(PROBLEM) Print all the entries verbatim.

(DATA UNDER STUDY)
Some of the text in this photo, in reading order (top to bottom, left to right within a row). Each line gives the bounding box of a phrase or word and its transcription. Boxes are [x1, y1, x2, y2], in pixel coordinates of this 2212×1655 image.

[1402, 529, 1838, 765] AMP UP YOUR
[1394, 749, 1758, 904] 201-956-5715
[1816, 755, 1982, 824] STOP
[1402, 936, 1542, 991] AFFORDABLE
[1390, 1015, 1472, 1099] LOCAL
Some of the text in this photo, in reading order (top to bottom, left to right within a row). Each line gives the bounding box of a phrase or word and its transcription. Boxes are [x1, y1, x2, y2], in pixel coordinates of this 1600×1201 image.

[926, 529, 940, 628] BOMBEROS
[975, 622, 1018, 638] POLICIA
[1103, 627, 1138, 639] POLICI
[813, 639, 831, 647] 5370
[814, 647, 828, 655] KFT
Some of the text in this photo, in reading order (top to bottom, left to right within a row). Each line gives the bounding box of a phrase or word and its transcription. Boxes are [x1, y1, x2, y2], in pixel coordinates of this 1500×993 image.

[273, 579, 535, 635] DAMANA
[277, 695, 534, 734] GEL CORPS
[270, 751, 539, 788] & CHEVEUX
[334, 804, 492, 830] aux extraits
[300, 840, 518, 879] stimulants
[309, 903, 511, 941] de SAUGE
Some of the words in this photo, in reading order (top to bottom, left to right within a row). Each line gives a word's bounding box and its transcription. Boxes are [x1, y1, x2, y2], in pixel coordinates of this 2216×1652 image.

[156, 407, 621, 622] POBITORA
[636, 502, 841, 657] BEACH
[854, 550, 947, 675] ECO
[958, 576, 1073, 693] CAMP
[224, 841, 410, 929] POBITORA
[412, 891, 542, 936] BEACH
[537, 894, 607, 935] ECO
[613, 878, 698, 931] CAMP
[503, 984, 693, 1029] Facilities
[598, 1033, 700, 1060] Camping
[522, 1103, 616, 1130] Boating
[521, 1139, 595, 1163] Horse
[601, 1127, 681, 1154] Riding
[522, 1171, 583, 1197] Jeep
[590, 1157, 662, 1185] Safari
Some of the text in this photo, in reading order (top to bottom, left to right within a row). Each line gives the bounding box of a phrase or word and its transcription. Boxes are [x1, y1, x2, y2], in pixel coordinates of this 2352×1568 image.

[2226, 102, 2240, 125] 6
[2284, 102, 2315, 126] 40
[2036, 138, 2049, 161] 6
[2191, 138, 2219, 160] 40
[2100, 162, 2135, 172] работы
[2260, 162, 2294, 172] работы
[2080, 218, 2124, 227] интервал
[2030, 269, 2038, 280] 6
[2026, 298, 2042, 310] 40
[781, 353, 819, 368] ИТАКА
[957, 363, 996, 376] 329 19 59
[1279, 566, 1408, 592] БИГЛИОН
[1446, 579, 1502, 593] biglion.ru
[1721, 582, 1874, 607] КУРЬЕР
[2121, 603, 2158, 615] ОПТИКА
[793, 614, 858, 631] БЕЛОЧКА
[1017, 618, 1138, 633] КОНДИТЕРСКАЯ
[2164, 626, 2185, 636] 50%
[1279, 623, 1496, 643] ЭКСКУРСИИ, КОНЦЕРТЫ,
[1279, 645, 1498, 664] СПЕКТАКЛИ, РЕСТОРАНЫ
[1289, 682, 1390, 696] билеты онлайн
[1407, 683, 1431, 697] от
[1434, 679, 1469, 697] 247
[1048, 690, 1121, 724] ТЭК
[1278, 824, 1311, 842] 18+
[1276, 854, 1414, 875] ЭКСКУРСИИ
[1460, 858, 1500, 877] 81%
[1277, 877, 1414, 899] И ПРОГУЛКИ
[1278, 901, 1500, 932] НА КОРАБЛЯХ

(FINISHED TASK)
Some of the text in this photo, in reading order (top to bottom, left to right within a row). Each line gives the bounding box of a phrase or word and its transcription. Boxes are [x1, y1, x2, y2], in pixel coordinates of this 2212×1655 image.

[1402, 529, 1838, 765] AMP UP YOUR
[1394, 749, 1758, 904] 201-956-5715
[1816, 755, 1982, 824] STOP
[1402, 936, 1542, 991] AFFORDABLE
[1390, 1015, 1472, 1099] LOCAL
Some of the text in this photo, in reading order (top to bottom, left to right within a row). Each line gives the bounding box of a phrase or word and its transcription. Boxes are [x1, y1, x2, y2], in pixel coordinates of this 1600×1201 image.

[926, 529, 940, 628] BOMBEROS
[975, 622, 1018, 638] POLICIA
[1103, 627, 1138, 639] POLICI
[813, 639, 831, 647] 5370
[814, 647, 828, 655] KFT
Some of the text in this photo, in reading order (top to bottom, left to right within a row). Each line gives the bounding box of a phrase or word and its transcription. Boxes are [x1, y1, x2, y2], in pixel coordinates of this 1500×993 image.

[273, 579, 535, 635] DAMANA
[277, 695, 534, 734] GEL CORPS
[270, 751, 539, 788] & CHEVEUX
[334, 804, 492, 830] aux extraits
[300, 840, 518, 879] stimulants
[309, 903, 511, 941] de SAUGE
Some of the words in this photo, in reading order (top to bottom, left to right within a row). Each line gives a word's bounding box and its transcription. Boxes are [x1, y1, x2, y2], in pixel coordinates of this 2216×1652 image.

[156, 407, 621, 622] POBITORA
[636, 502, 841, 657] BEACH
[854, 550, 947, 675] ECO
[958, 576, 1073, 693] CAMP
[224, 841, 410, 929] POBITORA
[412, 891, 542, 936] BEACH
[537, 894, 607, 935] ECO
[613, 878, 698, 931] CAMP
[503, 984, 693, 1029] Facilities
[598, 1033, 700, 1060] Camping
[522, 1103, 616, 1130] Boating
[521, 1139, 595, 1163] Horse
[601, 1127, 681, 1154] Riding
[522, 1171, 583, 1197] Jeep
[590, 1157, 662, 1185] Safari
Some of the text in this photo, in reading order (top to bottom, left to right within a row). Each line gives the bounding box of a phrase or word and its transcription. Boxes are [x1, y1, x2, y2], in pixel coordinates of this 2352×1568 image.

[2226, 102, 2240, 125] 6
[2284, 102, 2315, 126] 40
[2036, 138, 2049, 161] 6
[2191, 138, 2219, 160] 40
[2100, 162, 2135, 172] работы
[2260, 162, 2294, 172] работы
[2080, 218, 2124, 227] интервал
[2030, 269, 2038, 280] 6
[2026, 298, 2042, 310] 40
[781, 353, 819, 368] ИТАКА
[957, 363, 996, 376] 329 19 59
[1279, 566, 1408, 592] БИГЛИОН
[1446, 579, 1502, 593] biglion.ru
[1721, 582, 1874, 607] КУРЬЕР
[2121, 603, 2158, 615] ОПТИКА
[793, 614, 858, 631] БЕЛОЧКА
[1017, 618, 1138, 633] КОНДИТЕРСКАЯ
[2164, 626, 2185, 636] 50%
[1279, 623, 1496, 643] ЭКСКУРСИИ, КОНЦЕРТЫ,
[1279, 645, 1498, 664] СПЕКТАКЛИ, РЕСТОРАНЫ
[1289, 682, 1390, 696] билеты онлайн
[1407, 683, 1431, 697] от
[1434, 679, 1469, 697] 247
[1048, 690, 1121, 724] ТЭК
[1278, 824, 1311, 842] 18+
[1276, 854, 1414, 875] ЭКСКУРСИИ
[1460, 858, 1500, 877] 81%
[1277, 877, 1414, 899] И ПРОГУЛКИ
[1278, 901, 1500, 932] НА КОРАБЛЯХ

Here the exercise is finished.